Glazer’s brilliance—and I use that word sparingly—is in the audio-visual disconnect. While the Höss family discusses garden mulch or what to have for dinner, the soundscape (meticulously crafted by Johnnie Burn and featuring a haunting score by Mica Levi) is a nightmare. You hear distant screams, muffled gunshots, and the relentless chugging of the crematoriums. You don't see the horror, but your brain fills in the gaps. It’s a film that demands your active participation, forcing you to realize that these people aren't monsters with horns; they are middle managers who have simply decided that the screaming next door is just background noise.
Domesticity as a Weapon
Sandra Hüller gives a performance that is chilling precisely because it’s so mundane. She isn't twirling a mustache; she’s showing off her "Paradise Garden" to her mother. She’s trying on a fur coat that was taken from a woman who was gassed hours earlier, casually finding a lipstick in the pocket and applying it. She treats genocide like a home renovation project.
The way Glazer filmed this is fascinating. He used a "hidden camera" approach, rigging the house with up to ten cameras at once and putting the crew in another building. The actors were often left alone to live in the space, which gives the movements a flat, surveillance-like reality. There are no dramatic close-ups or swelling orchestras to tell you how to feel. The camera just sits there, impassive, watching a man wash the ash off his boots after a long day at "the office."

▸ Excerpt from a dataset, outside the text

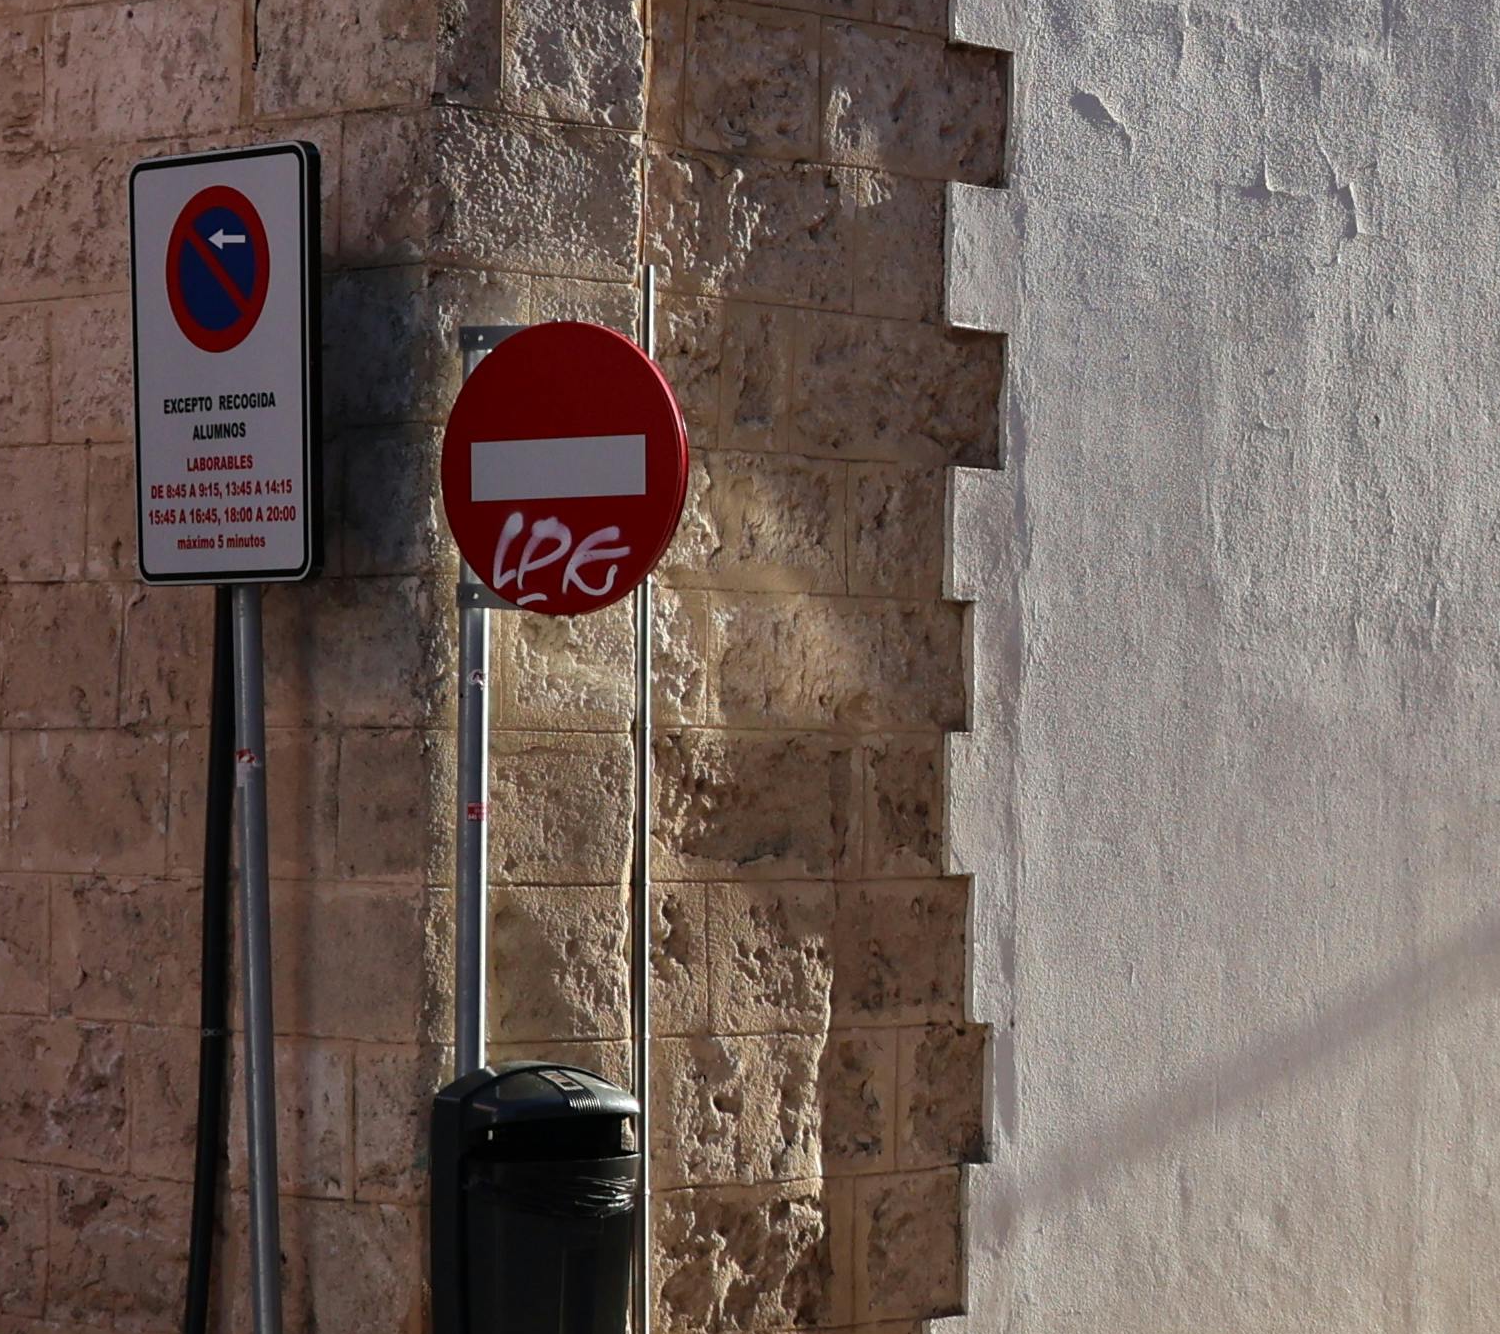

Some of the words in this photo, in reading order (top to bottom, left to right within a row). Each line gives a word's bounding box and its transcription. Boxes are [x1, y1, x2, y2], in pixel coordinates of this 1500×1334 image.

In our current era of "doomscrolling" and the way we can scroll past a tragedy to look at a recipe for sourdough, this film feels dangerously relevant. It’s a study in the human capacity to compartmentalize. We see Rudolf sitting in his office, lit by a single lamp, designing a more "efficient" circular furnace as if he were designing a more aerodynamic toaster. The banality isn't just boring; it’s a specialized form of soul-rot.
A Ghostly Mirror
There are sequences in the film shot with thermal imaging cameras—showing a young girl hiding apples for the prisoners at night—that look like something out of a dream or a digital ghost story. These moments provide the only "light" in the film, literally and figuratively, but they are framed with such cold, clinical precision that they never feel like easy sentimentality.
The ending of the film is one of the most jarring things I’ve seen in years. It jumps through time in a way that left me staring at the credits in total silence for ten minutes. It’s a reminder that history isn't just something that happened; it’s something that is preserved, curated, and occasionally ignored. The ending isn't a redemption; it’s a dry heave of the soul.
If you’re looking for a traditional "Holocaust movie" where a hero saves the day, this isn't it. This is an immersive experience in the architecture of apathy. It’s hard to watch, not because of what’s on screen, but because of what it asks you to acknowledge about your own ability to look away.
The Zone of Interest is a technical marvel that manages to be one of the most "war-like" films ever made without firing a single shot on screen. It’s a masterpiece of restraint and sound design that will haunt your quietest moments. It doesn't just ask us to remember the past; it asks us how much noise we are willing to ignore in our own backyards today. This is essential cinema, even if it leaves you feeling like you need a very long, very hot shower afterward.